Luigi Maifredi

Personal information
- Date of birth: 20 April 1947 (age 78)
- Place of birth: Lograto, Italy
- Position: Midfielder

Team information
- Current team: Brescia (technical collaborator)

Youth career
- 1966: Brescia

Senior career*
- Years: Team / Apps / (Gls)
- 1967: Rovereto / 9 / (1)
- 1968: Portogruaro / 18 / (4)

Managerial career
- 1976–1977: Real Brescia
- 1977–1978: Crotone (assistant manager)
- 1978–1980: Lumezzane
- 1984–1986: Orceana
- 1986–1987: Ospitaletto
- 1987–1990: Bologna
- 1990–1991: Juventus
- 1991–1992: Bologna
- 1992–1993: Genoa
- 1994: Venezia
- 1995: Brescia
- 1996: Pescara
- 1996: Esperance Sportive de Tunis
- 1998–1999: Albacete Balompié
- 2000: Reggiana
- 2013: Brescia (caretaker)

= Luigi Maifredi =

Italian footballer and manager (born 1947)

Luigi Maifredi (born 20 April 1947), commonly known as Gigi Maifredi, is an Italian football manager.

==Career==
Born in Lograto (Province of Brescia), started out playing in his hometown club's youth system, and later played for Rovereto and Portogruaro. Maifredi's coaching career began in 1976 with amateur side Real Brescia. He later served as assistant manager of Crotone, and also had spells in the lower divisions of Italian football with Lumezzane and Orceana, as well as Pspitaletto, with whom he won the Serie C2, Girone B title during the 1986–87 season.

In 1987, Maifredi was appointed as manager of Serie B side Bologna, under the club's president Luigi Corioni. During his three seasons with Bologna, his attacking style of play proved to be highly effective; after joining the team, he helped the club win the Serie B title and achieve promotion to Serie A in his first season, and later helped the team avoid relegation in his second season, and subsequently qualify for the UEFA Cup in 1990.

Maifredi is most noted for his short spell with Juventus, whom he joined after replacing Dino Zoff in 1990. During his only season in Turin, the club were known for their inconsistent performances. After a strong first half of the season, the club suffered a loss of form, during which they lost six games in a row. Maifredi was eventually sacked at the end of the season, following the club's failure to qualify for European football after placing seventh in Serie A, also losing out 5–1 to Napoli in the 1990 Supercoppa Italiana final; however, he managed to reach the semi-finals of the Cup Winners' Cup and the quarter-finals of the Coppa Italia. Following his disappointing spell with Juventus, over the course of his coaching career, Maifredi managed several clubs in Italy, such as Bologna once again, Genoa, Venezia, and Brescia, among other teams, as well as having short coaching spells in Tunisia with Esperance Sportive de Tunis, and Spain with Albacete Balompié; however, he encountered less success with other teams.

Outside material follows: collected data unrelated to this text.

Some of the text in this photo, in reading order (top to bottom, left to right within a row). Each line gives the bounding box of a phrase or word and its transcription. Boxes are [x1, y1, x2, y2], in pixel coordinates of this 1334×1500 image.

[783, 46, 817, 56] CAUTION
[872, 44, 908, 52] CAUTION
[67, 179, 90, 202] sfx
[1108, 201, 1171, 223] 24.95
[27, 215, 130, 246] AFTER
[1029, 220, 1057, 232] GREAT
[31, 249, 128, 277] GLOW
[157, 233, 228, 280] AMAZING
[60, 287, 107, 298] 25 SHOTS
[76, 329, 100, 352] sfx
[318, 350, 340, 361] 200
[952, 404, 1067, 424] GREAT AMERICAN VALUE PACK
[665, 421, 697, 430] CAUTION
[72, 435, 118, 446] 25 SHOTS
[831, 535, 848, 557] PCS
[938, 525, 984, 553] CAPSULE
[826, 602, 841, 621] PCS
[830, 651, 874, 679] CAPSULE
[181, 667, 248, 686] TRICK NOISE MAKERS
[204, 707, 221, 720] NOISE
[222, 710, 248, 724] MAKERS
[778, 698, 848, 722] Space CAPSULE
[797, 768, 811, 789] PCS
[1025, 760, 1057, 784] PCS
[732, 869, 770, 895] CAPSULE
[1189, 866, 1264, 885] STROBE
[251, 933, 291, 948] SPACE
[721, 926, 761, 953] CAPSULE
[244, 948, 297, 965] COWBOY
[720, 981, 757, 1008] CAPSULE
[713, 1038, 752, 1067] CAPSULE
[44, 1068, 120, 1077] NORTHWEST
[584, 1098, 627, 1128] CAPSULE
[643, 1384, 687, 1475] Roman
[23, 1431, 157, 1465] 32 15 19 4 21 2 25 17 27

In 2005, Maifredi was on course to sign with Lazio, but the club's supporters were not keen on Maifredi's appointment, and even demonstrated against it, which ultimately forced the club's president Claudio Lotito to back down and appoint Giuseppe Papadopulo instead. In December 2009, he was successively appointed as a technical consultant and later as the director of Brescia Calcio.

On 24 September 2013, after thirteen years since his last coaching appointment with Reggiana in 2000, Maifredi returned to the coaching bench for a spare game, co-training with assistant coach Fabio Micarelli after Brescia's head coach Marco Giampaolo failed to report for three days. The next day, Brescia appointed Maifredi as new head coach, thus ending a 13-year absence of his from head coaching roles into football. His period as a manager was only on a caretaker basis, as he left after only one game – a 0–2 loss to Latina – to leave room for new boss Cristiano Bergodi.

==Style of management==
Maifredi's footballing approach, which made use of tactics based on a defensive line which employed zonal marking, and an overall fast, attractive, and dynamic playing style, has been famously described as calcio champagne ("champagne wine football", in Italian) in the media; this was due to both his teams' prominent attacking and entertaining style of play, and also as a reference to his former professional career as a champagne wine representative for Veuve Clicquot Ponsardin. His tactics were likened to the system used by Arrigo Sacchi in the Italian media. During his time with Orceana and Bologna, Maifredi used a 4–3–3 formation. With Juventus, he instead used a 4–2–2–2 formation. His teams often used sweeper-keeper.

==Outside of football==
In 2003, during the Italian entertainment show Quelli che... il Calcio, which was presented by Simona Ventura at the time, Maifredi jokingly coached a team of former footballers, known as the "Maifredi Team", that reproduced the goals of the day to the viewers. He later also worked as a pundit for Mediaset Premium.